▶ _Your goal_: Your reply should reproduce each line below exactly and carry none of the pictures.

################

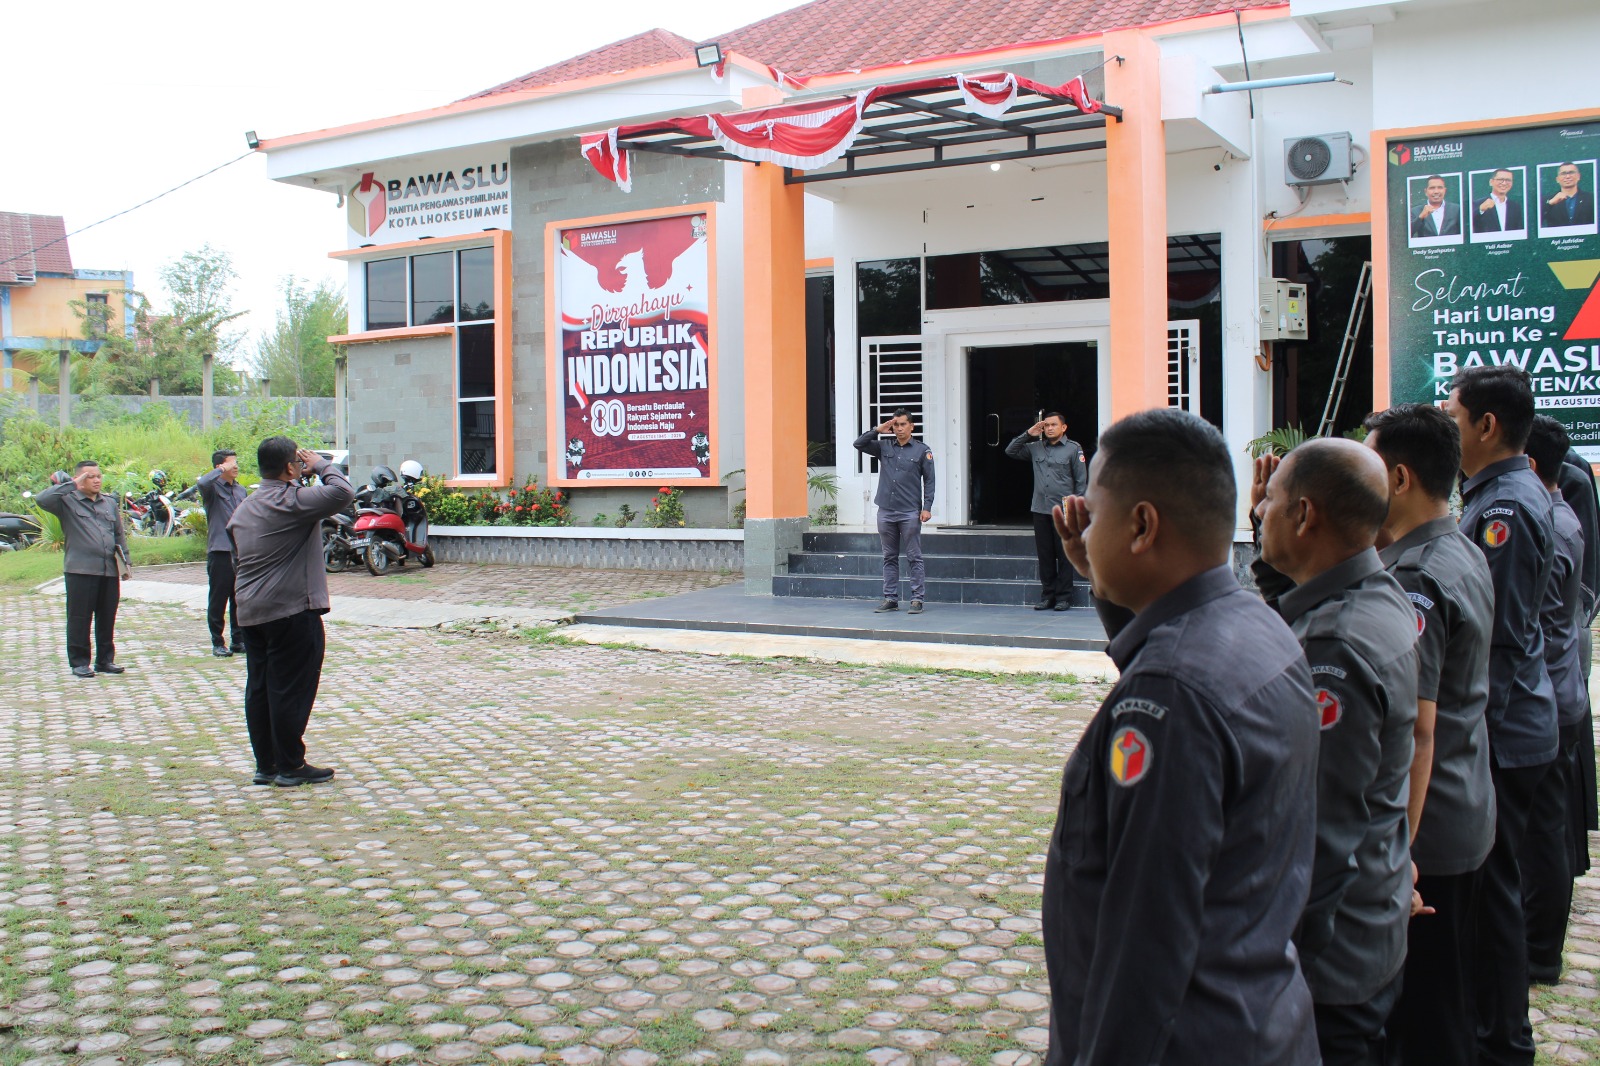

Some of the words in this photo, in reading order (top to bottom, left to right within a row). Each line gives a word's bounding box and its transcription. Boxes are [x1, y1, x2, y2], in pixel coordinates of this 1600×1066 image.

[1413, 142, 1463, 156] BAWASLU
[387, 162, 508, 201] BAWASLU
[388, 202, 419, 215] PANITIA
[420, 197, 464, 212] PENGAWAS
[464, 190, 508, 204] PEMILIHAN
[388, 214, 418, 229] KOTA
[420, 204, 509, 225] LHOKSEUMAWE
[580, 229, 617, 242] BAWASLU
[1411, 268, 1529, 312] Selamat
[591, 293, 684, 332] Dirgahayu
[1433, 306, 1479, 325] Hari
[1486, 304, 1555, 323] Ulang
[580, 323, 693, 350] REPUBLIK
[1433, 329, 1504, 346] Tahun
[1512, 326, 1542, 342] Ke
[567, 348, 708, 396] INDONESIA
[590, 399, 626, 437] 80
[626, 403, 652, 412] Bersatu
[653, 401, 685, 411] Berdaulat
[627, 413, 649, 423] Rakyat
[650, 411, 682, 422] Sejahtera
[627, 422, 658, 431] Indonesia
[659, 421, 675, 432] Maju
[1111, 699, 1163, 718] BAWASLU
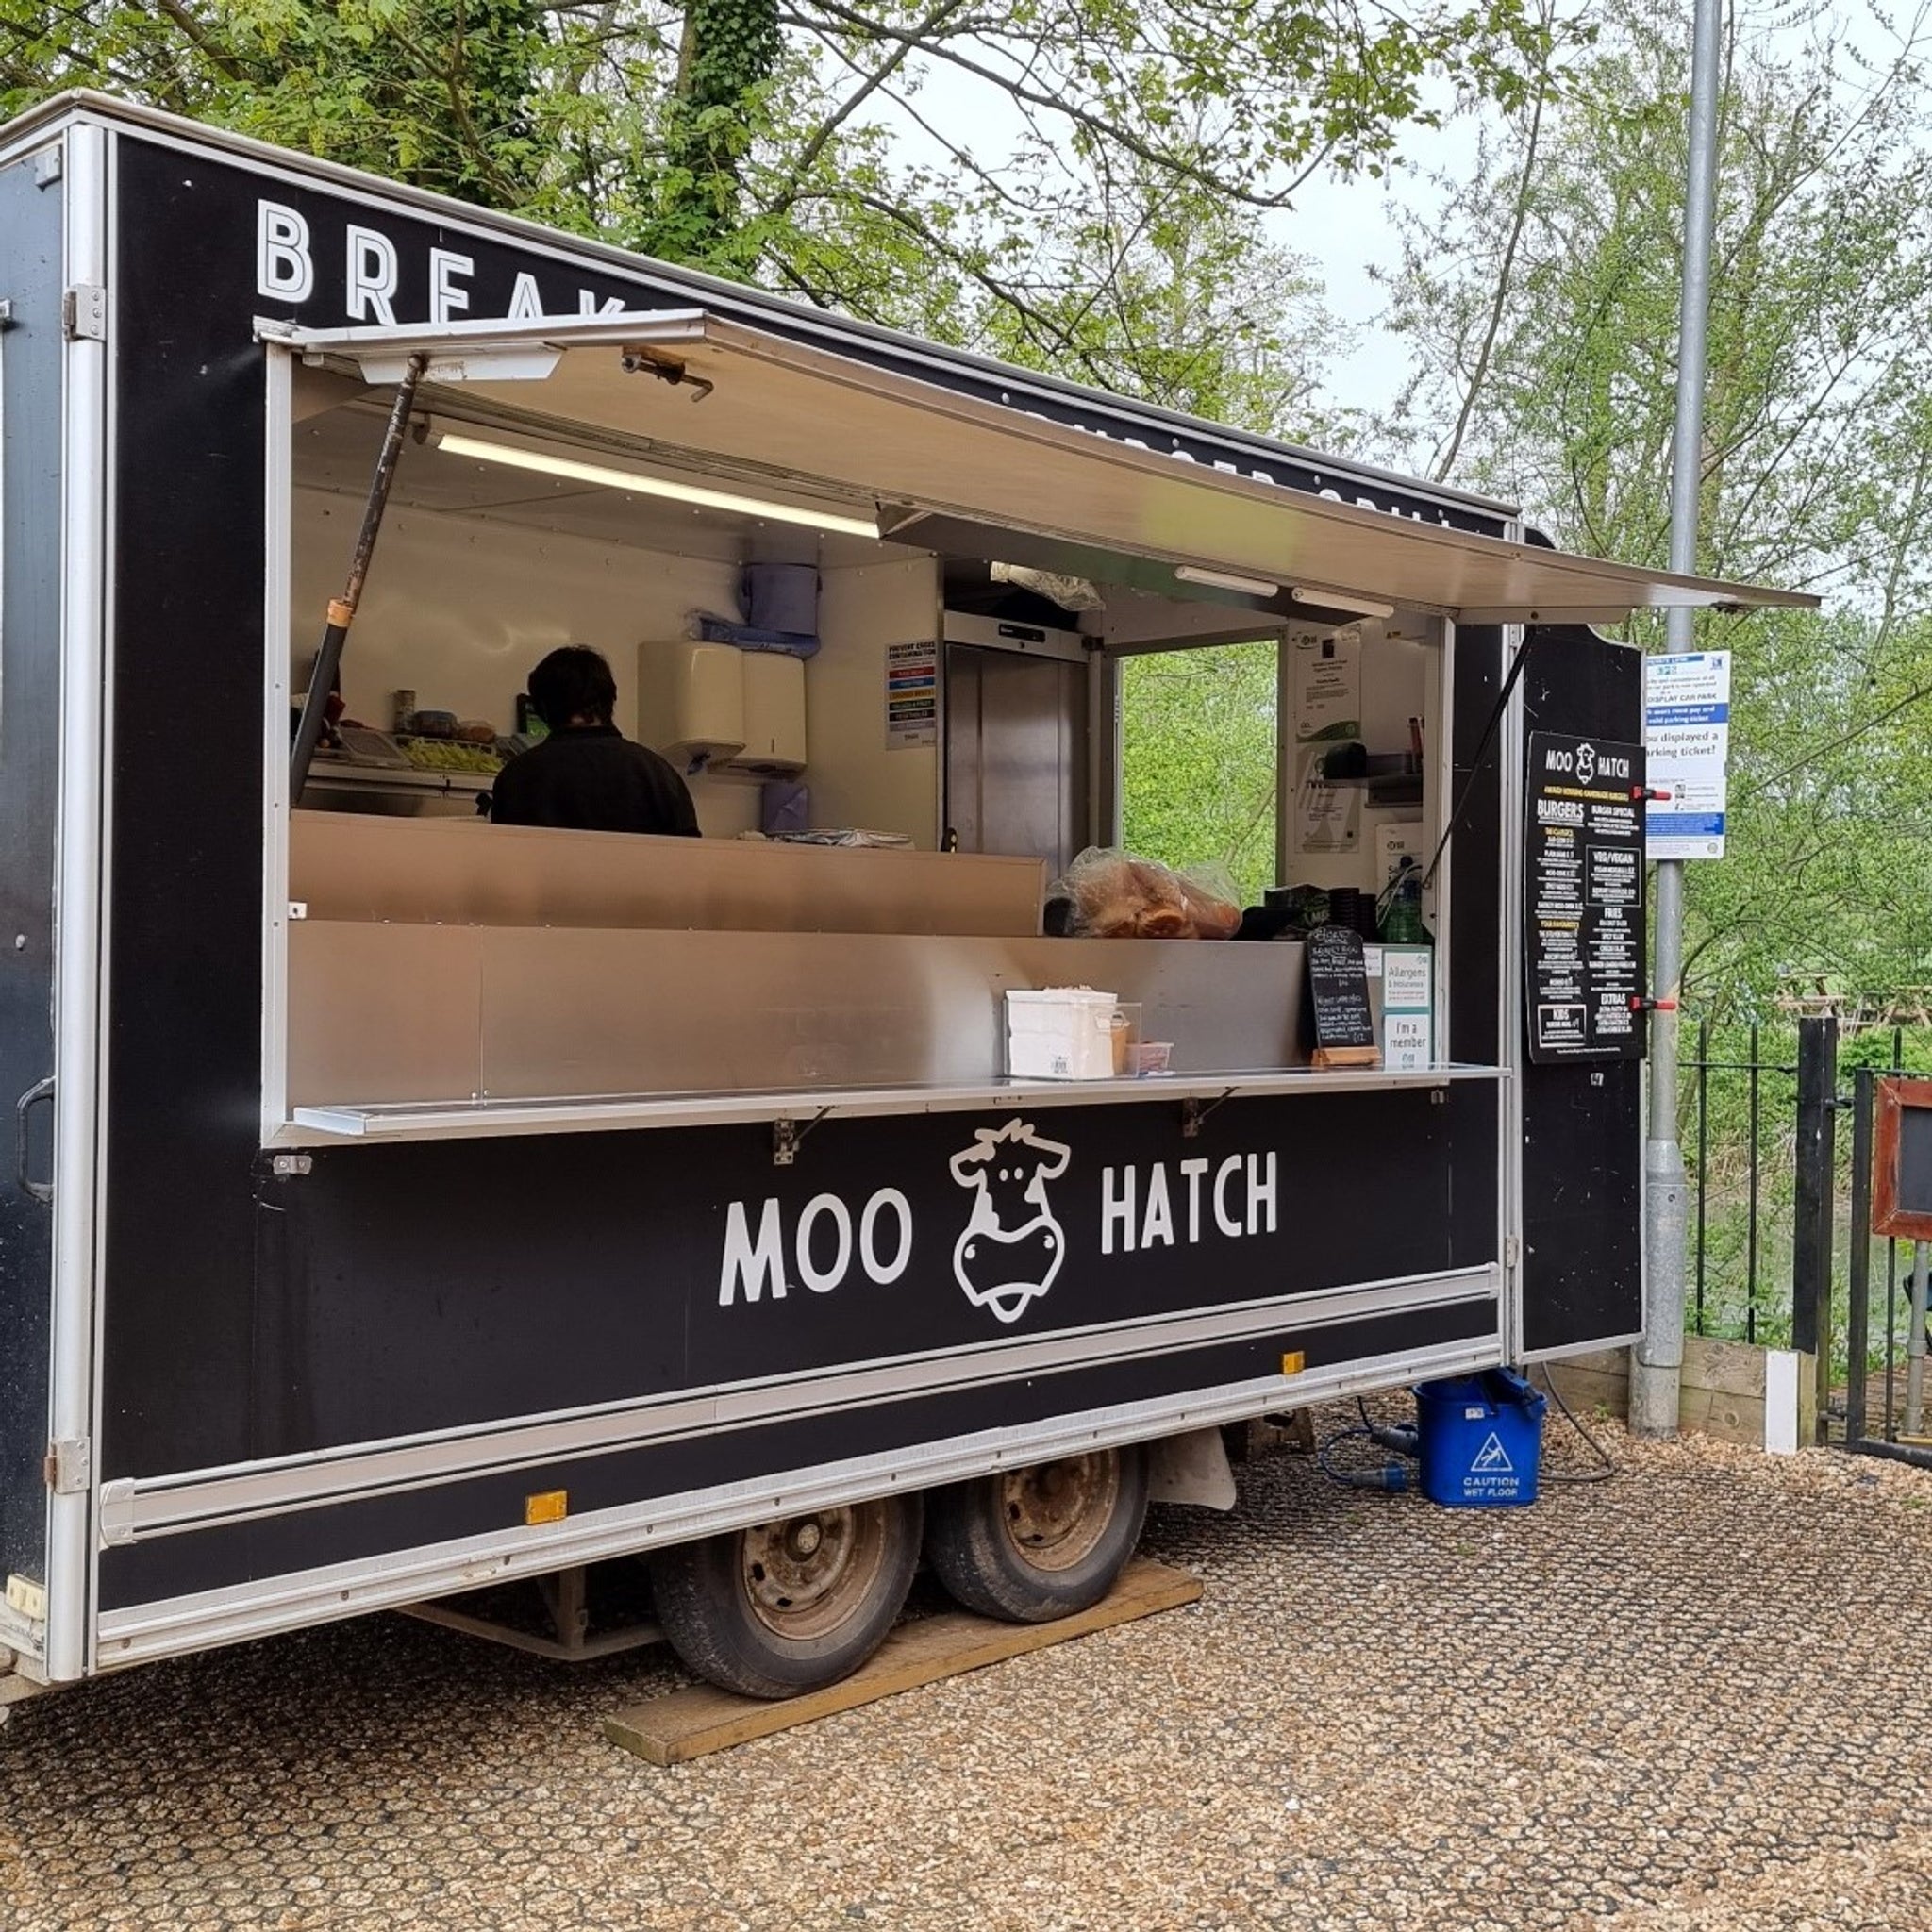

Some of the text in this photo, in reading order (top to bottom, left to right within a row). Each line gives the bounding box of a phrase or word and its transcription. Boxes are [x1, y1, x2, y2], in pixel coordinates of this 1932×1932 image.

[1664, 715, 1690, 724] parking
[1660, 731, 1708, 743] displayed
[1646, 744, 1716, 758] arking ticket!
[1545, 749, 1630, 778] MOO HATCH
[1537, 799, 1585, 818] BURGERS
[1592, 851, 1635, 864] VEG/VEGAN
[1604, 908, 1623, 919] FRIES
[1388, 966, 1426, 980] Allergens
[1601, 993, 1626, 1005] EXTRAS
[1396, 1021, 1410, 1034] I'm
[1390, 1037, 1426, 1049] member
[719, 1151, 1277, 1306] MOO HATCH
[1463, 1476, 1520, 1486] CAUTION
[1463, 1488, 1518, 1497] WET FLOOR
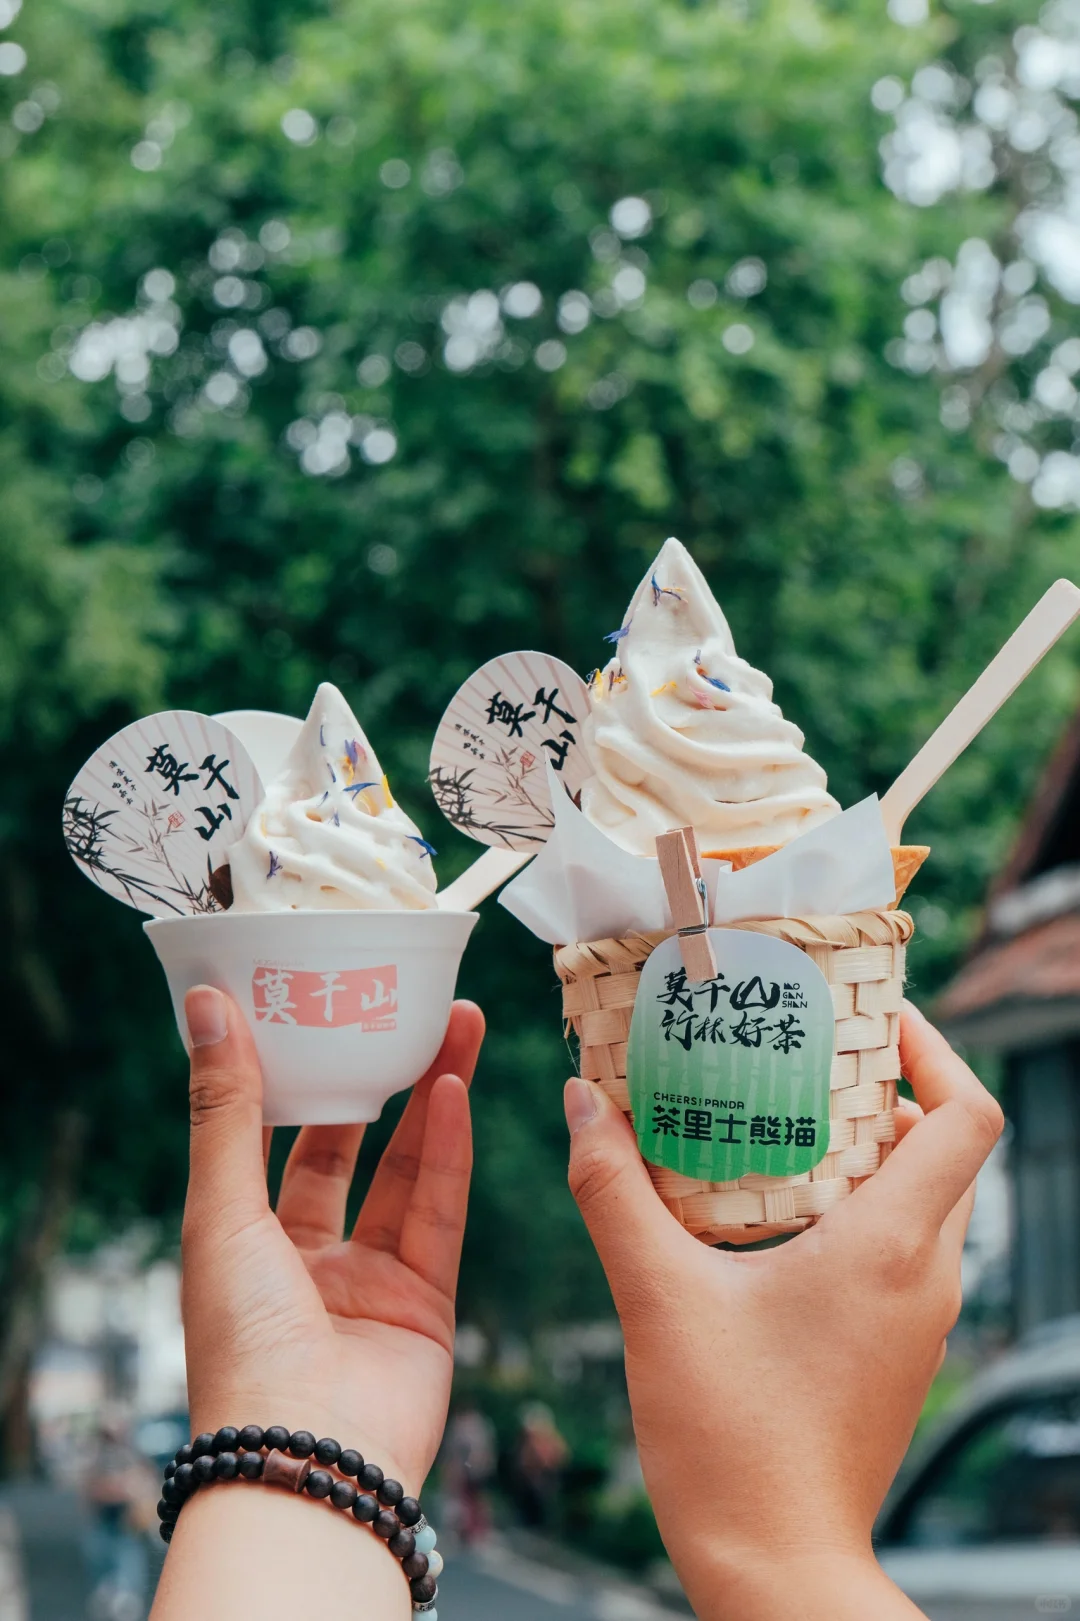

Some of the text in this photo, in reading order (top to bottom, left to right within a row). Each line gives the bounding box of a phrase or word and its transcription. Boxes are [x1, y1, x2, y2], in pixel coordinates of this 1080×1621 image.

[144, 743, 240, 841] 莫干山
[252, 968, 398, 1026] 莫干山
[656, 966, 781, 1013] 莫干山
[781, 1000, 808, 1009] SHAN
[782, 991, 804, 1000] GAN
[783, 982, 801, 991] MO
[659, 1010, 806, 1055] 竹林好茶
[651, 1104, 817, 1148] 茶里士熊猫
[704, 1098, 745, 1110] PANDA

################

▶ _Reply to the task_:
Some of the words in this photo, in reading order (top to bottom, left to right within a row). Each line gives a word's bounding box and its transcription. Boxes are [x1, y1, x2, y2], in pixel coordinates of this 1600×1066 image.

[1413, 142, 1463, 156] BAWASLU
[387, 162, 508, 201] BAWASLU
[388, 202, 419, 215] PANITIA
[420, 197, 464, 212] PENGAWAS
[464, 190, 508, 204] PEMILIHAN
[388, 214, 418, 229] KOTA
[420, 204, 509, 225] LHOKSEUMAWE
[580, 229, 617, 242] BAWASLU
[1411, 268, 1529, 312] Selamat
[591, 293, 684, 332] Dirgahayu
[1433, 306, 1479, 325] Hari
[1486, 304, 1555, 323] Ulang
[580, 323, 693, 350] REPUBLIK
[1433, 329, 1504, 346] Tahun
[1512, 326, 1542, 342] Ke
[567, 348, 708, 396] INDONESIA
[590, 399, 626, 437] 80
[626, 403, 652, 412] Bersatu
[653, 401, 685, 411] Berdaulat
[627, 413, 649, 423] Rakyat
[650, 411, 682, 422] Sejahtera
[627, 422, 658, 431] Indonesia
[659, 421, 675, 432] Maju
[1111, 699, 1163, 718] BAWASLU

Some of the text in this photo, in reading order (top to bottom, left to right within a row). Each line gives the bounding box of a phrase or word and its transcription. Boxes are [x1, y1, x2, y2], in pixel coordinates of this 1932×1932 image.

[1664, 715, 1690, 724] parking
[1660, 731, 1708, 743] displayed
[1646, 744, 1716, 758] arking ticket!
[1545, 749, 1630, 778] MOO HATCH
[1537, 799, 1585, 818] BURGERS
[1592, 851, 1635, 864] VEG/VEGAN
[1604, 908, 1623, 919] FRIES
[1388, 966, 1426, 980] Allergens
[1601, 993, 1626, 1005] EXTRAS
[1396, 1021, 1410, 1034] I'm
[1390, 1037, 1426, 1049] member
[719, 1151, 1277, 1306] MOO HATCH
[1463, 1476, 1520, 1486] CAUTION
[1463, 1488, 1518, 1497] WET FLOOR

Some of the text in this photo, in reading order (top to bottom, left to right within a row). Each line gives the bounding box of a phrase or word and its transcription. Boxes are [x1, y1, x2, y2], in pixel coordinates of this 1080×1621 image.

[144, 743, 240, 841] 莫干山
[252, 968, 398, 1026] 莫干山
[656, 966, 781, 1013] 莫干山
[781, 1000, 808, 1009] SHAN
[782, 991, 804, 1000] GAN
[783, 982, 801, 991] MO
[659, 1010, 806, 1055] 竹林好茶
[651, 1104, 817, 1148] 茶里士熊猫
[704, 1098, 745, 1110] PANDA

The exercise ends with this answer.